→ Your objective:
Pictures aside, copy exactly each line from the one that holds "this 1332×1000 image." through the last line of the records below.

(Referring expression grounding data)

+ + + +

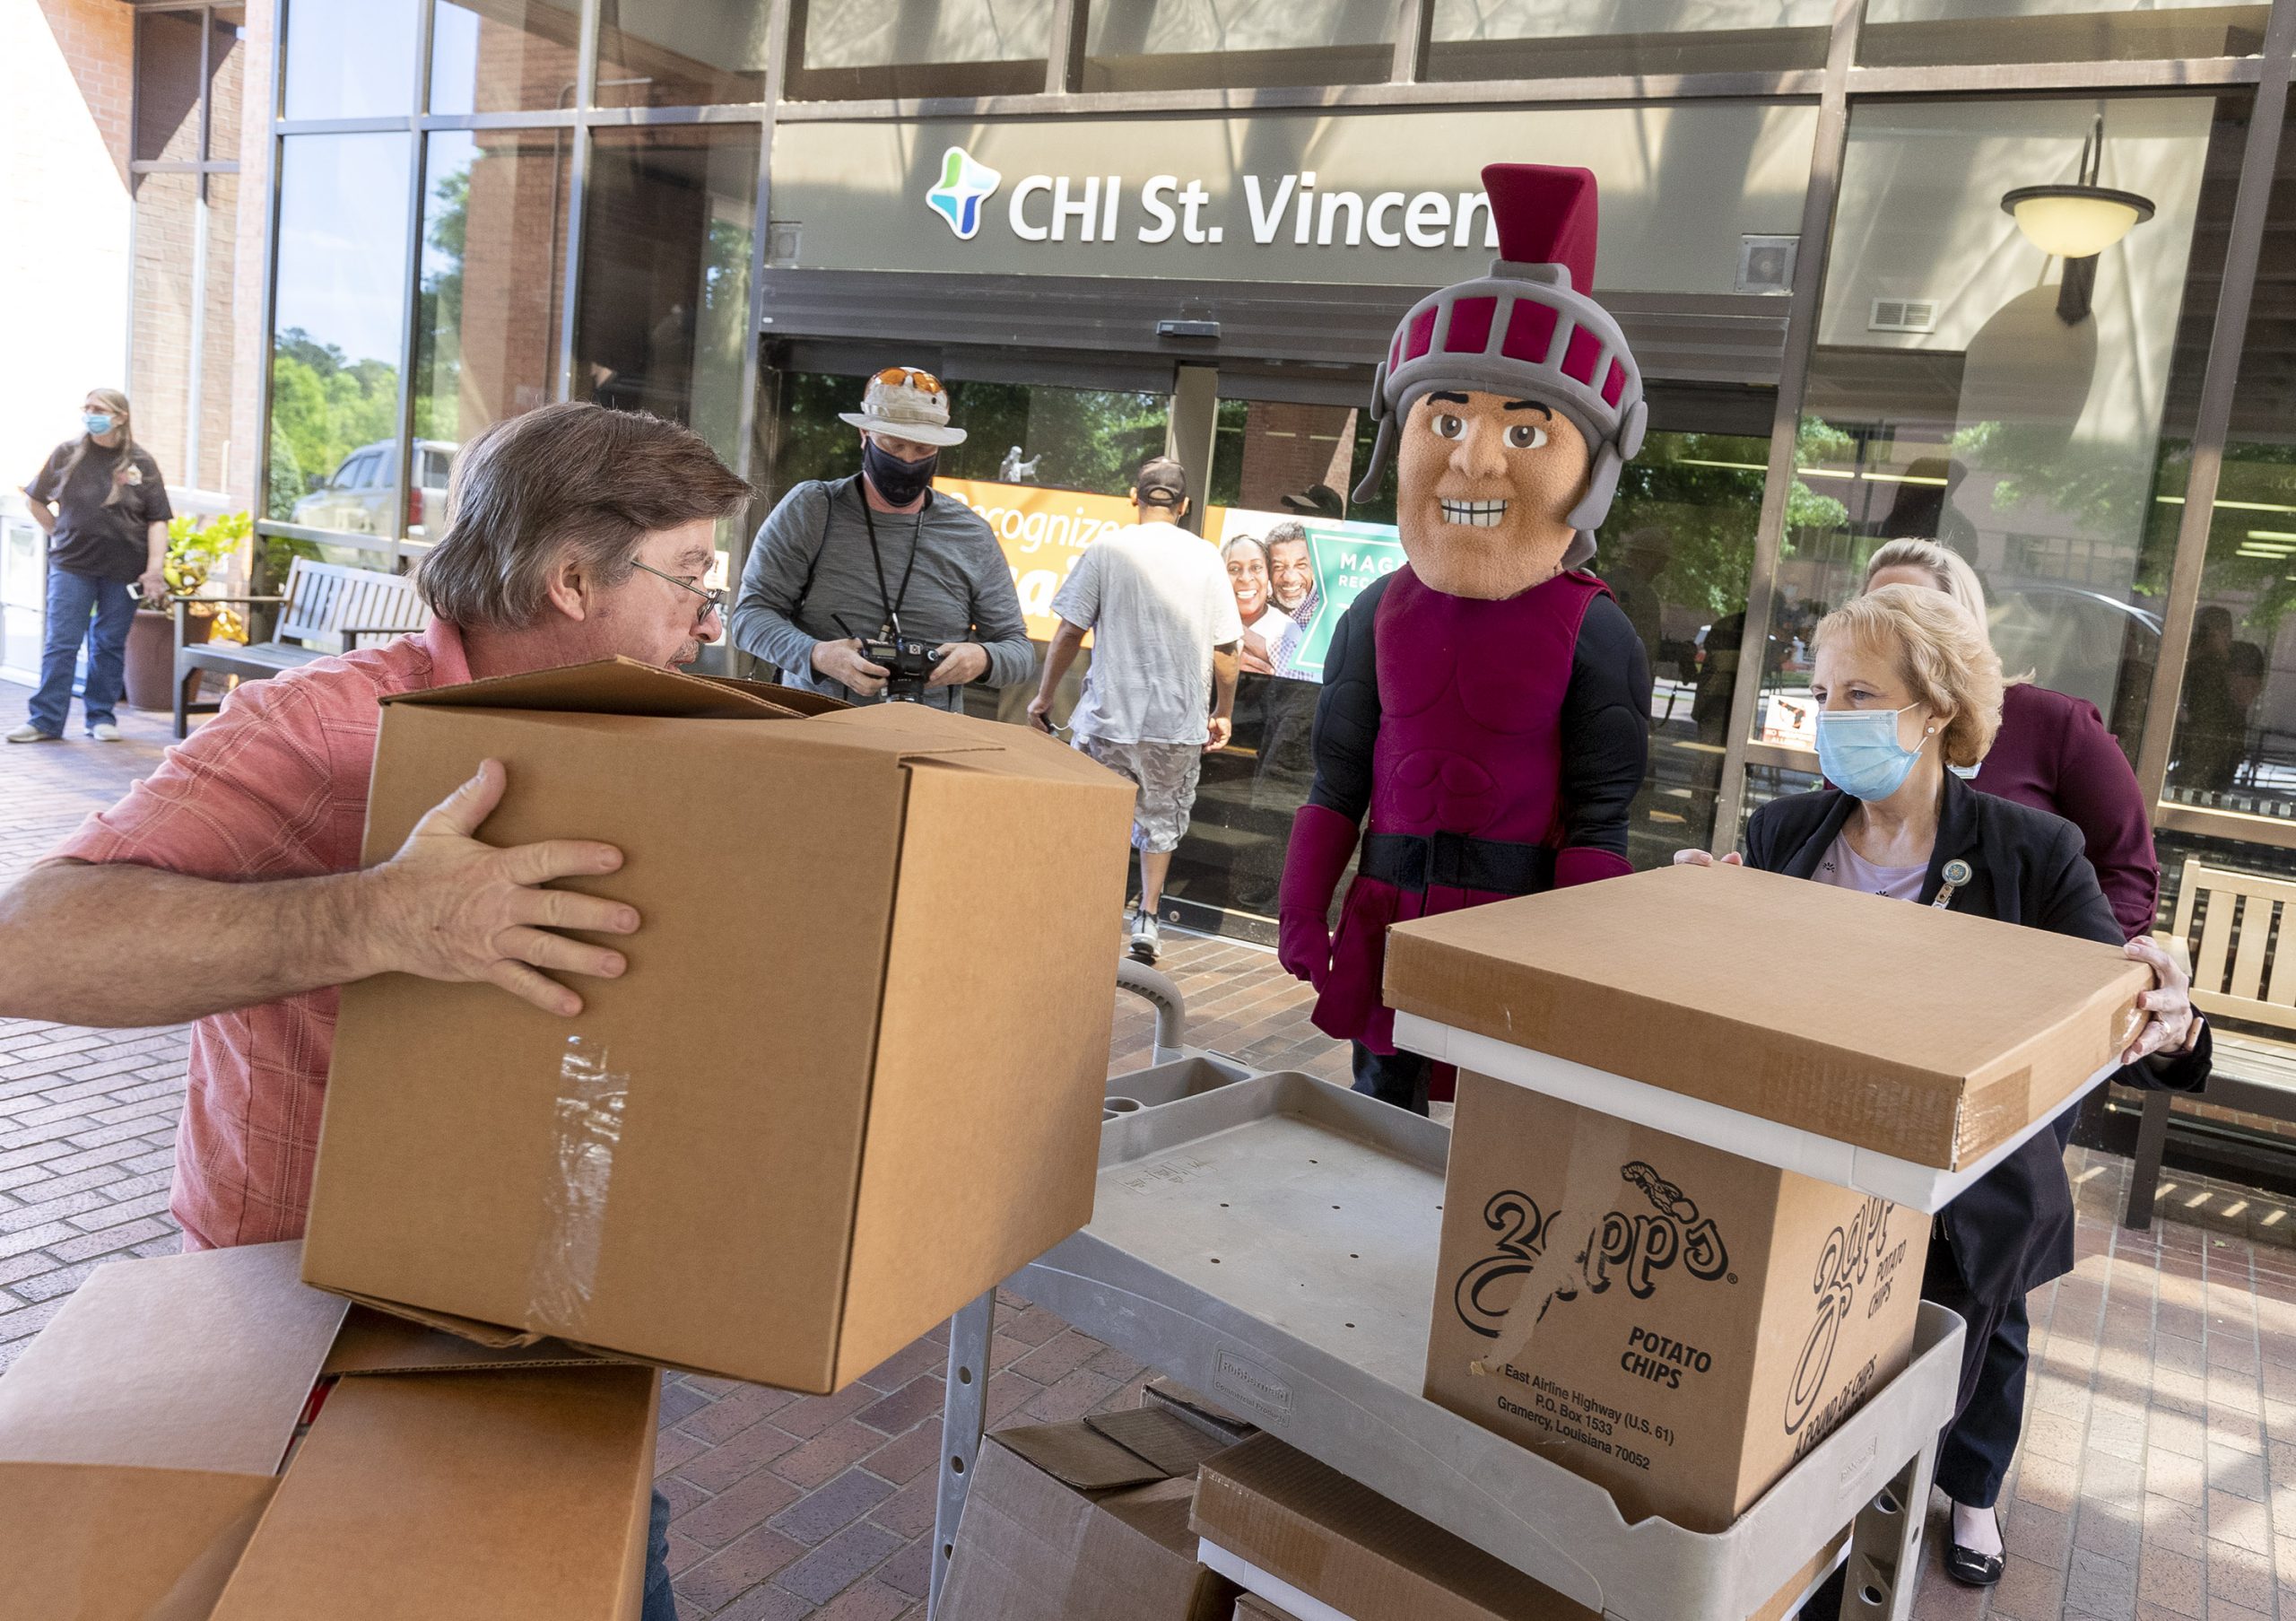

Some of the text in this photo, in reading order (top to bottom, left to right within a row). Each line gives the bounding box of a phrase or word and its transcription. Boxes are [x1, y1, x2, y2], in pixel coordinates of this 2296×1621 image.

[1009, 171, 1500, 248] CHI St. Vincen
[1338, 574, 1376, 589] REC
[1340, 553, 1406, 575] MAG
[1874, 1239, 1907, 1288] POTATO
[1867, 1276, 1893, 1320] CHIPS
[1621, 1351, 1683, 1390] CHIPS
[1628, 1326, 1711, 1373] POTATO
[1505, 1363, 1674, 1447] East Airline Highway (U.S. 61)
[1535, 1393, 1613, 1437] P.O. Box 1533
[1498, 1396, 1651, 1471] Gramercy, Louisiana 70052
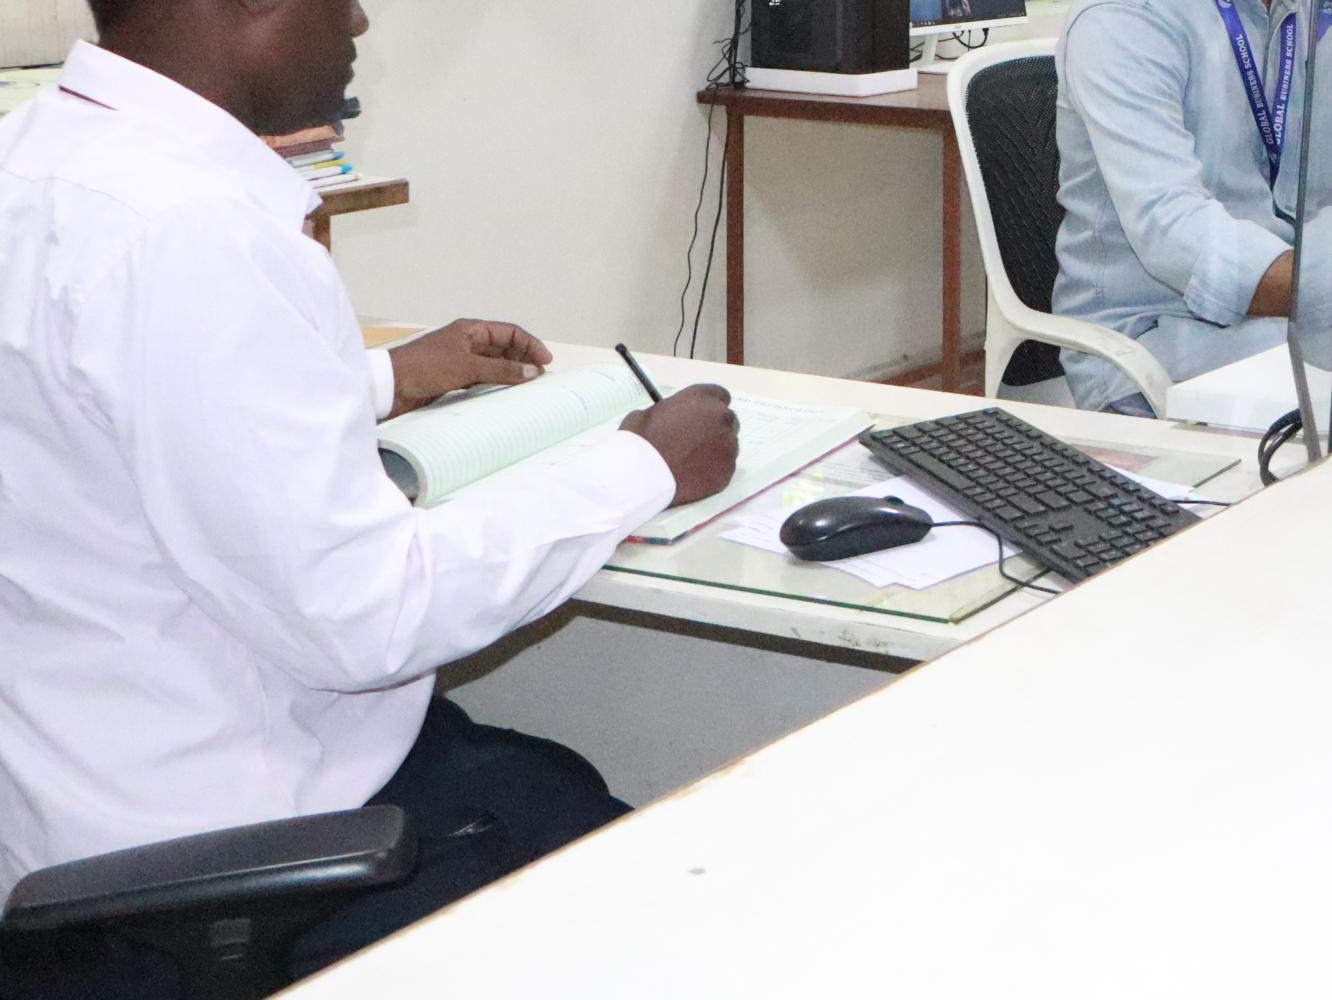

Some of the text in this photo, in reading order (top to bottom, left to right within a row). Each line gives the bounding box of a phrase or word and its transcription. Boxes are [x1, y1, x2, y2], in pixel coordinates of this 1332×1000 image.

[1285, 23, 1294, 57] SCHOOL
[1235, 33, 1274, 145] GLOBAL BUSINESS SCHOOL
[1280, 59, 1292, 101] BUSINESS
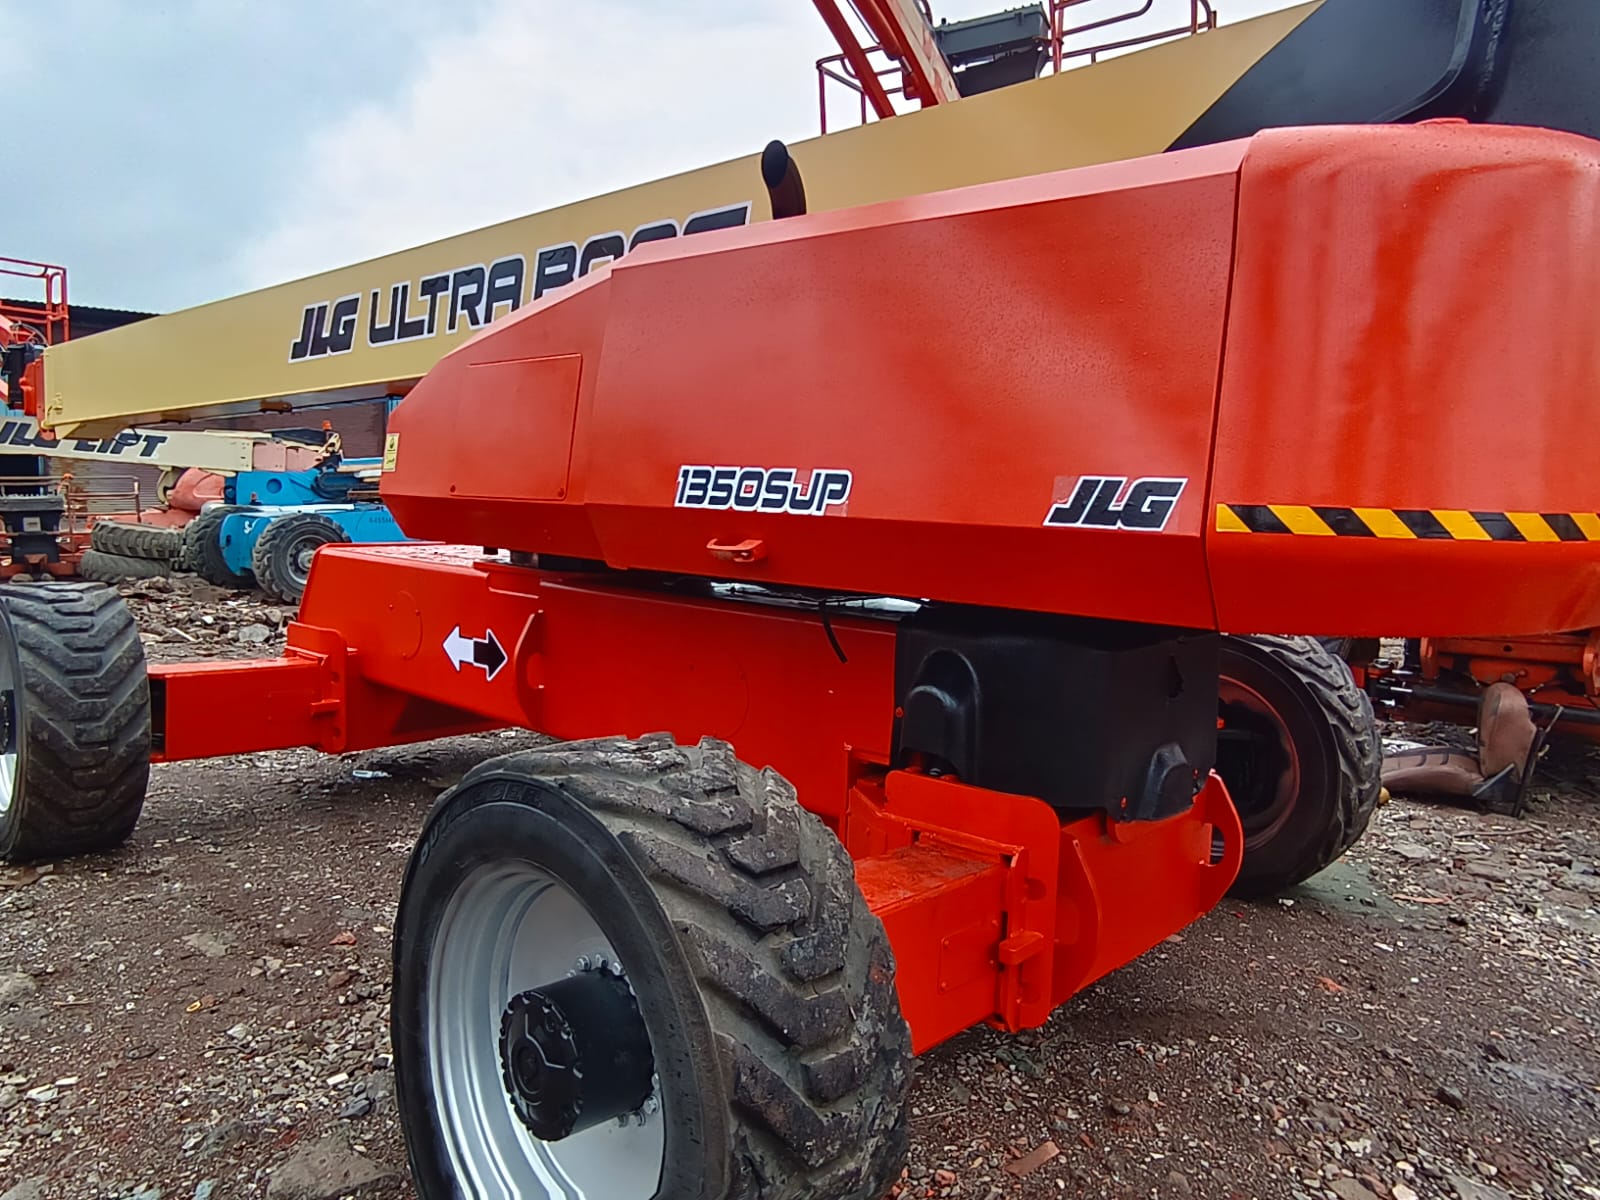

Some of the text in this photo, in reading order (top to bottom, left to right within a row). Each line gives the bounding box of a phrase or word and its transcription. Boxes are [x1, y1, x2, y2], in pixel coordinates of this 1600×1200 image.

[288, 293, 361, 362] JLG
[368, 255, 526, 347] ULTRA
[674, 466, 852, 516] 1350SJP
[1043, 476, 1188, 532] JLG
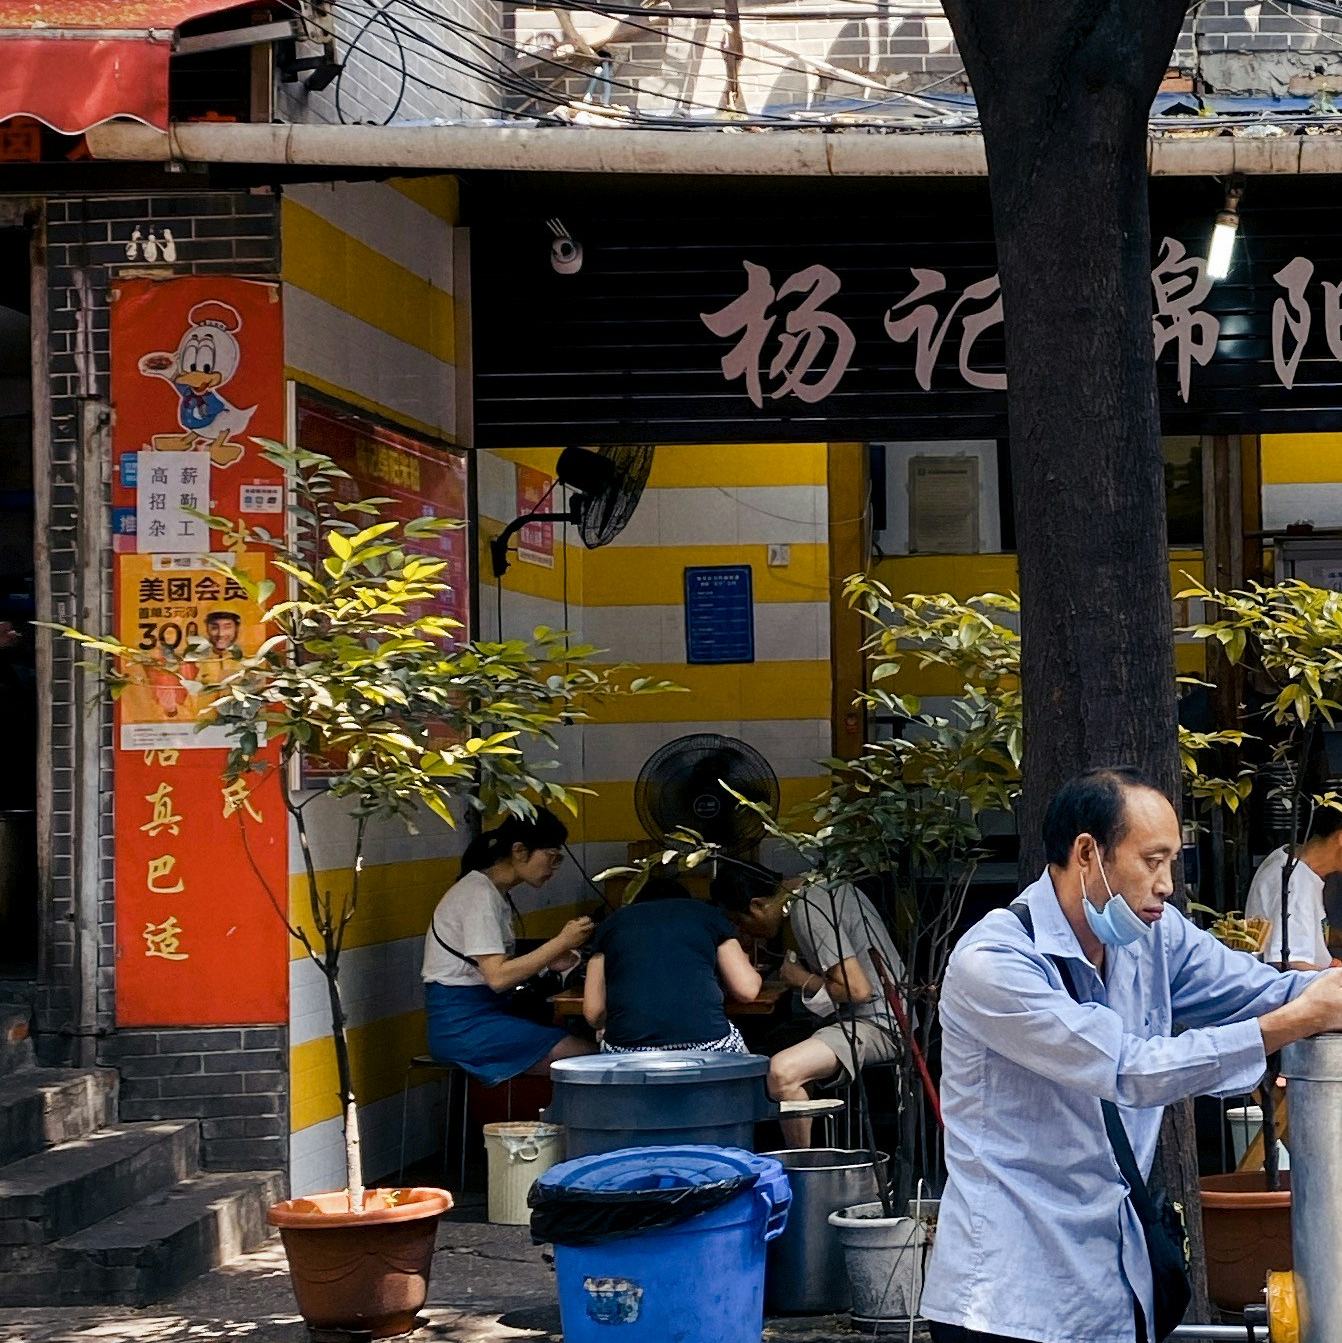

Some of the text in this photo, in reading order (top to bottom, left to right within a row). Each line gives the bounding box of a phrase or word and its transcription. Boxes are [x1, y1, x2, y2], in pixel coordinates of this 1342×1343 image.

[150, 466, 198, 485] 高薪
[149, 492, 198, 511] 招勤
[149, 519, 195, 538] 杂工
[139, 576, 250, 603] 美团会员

+ + + +

→ Exercise solution:
Some of the text in this photo, in reading order (top to bottom, left to right within a row). Each line gives the bounding box of a phrase or word and its transcription. Boxes are [x1, y1, x2, y2], in pixel coordinates of this 1332×1000 image.

[1285, 23, 1294, 57] SCHOOL
[1235, 33, 1274, 145] GLOBAL BUSINESS SCHOOL
[1280, 59, 1292, 101] BUSINESS

Some of the text in this photo, in reading order (top to bottom, left to right within a row). Each line gives the bounding box of a phrase or word and its transcription. Boxes are [x1, y1, x2, y2], in pixel coordinates of this 1600×1200 image.

[288, 293, 361, 362] JLG
[368, 255, 526, 347] ULTRA
[674, 466, 852, 516] 1350SJP
[1043, 476, 1188, 532] JLG

Some of the text in this photo, in reading order (top to bottom, left to right within a row). Each line gives the bounding box of a phrase or word and its transcription. Boxes are [x1, y1, x2, y2], in pixel coordinates of this 1342×1343 image.

[150, 466, 198, 485] 高薪
[149, 492, 198, 511] 招勤
[149, 519, 195, 538] 杂工
[139, 576, 250, 603] 美团会员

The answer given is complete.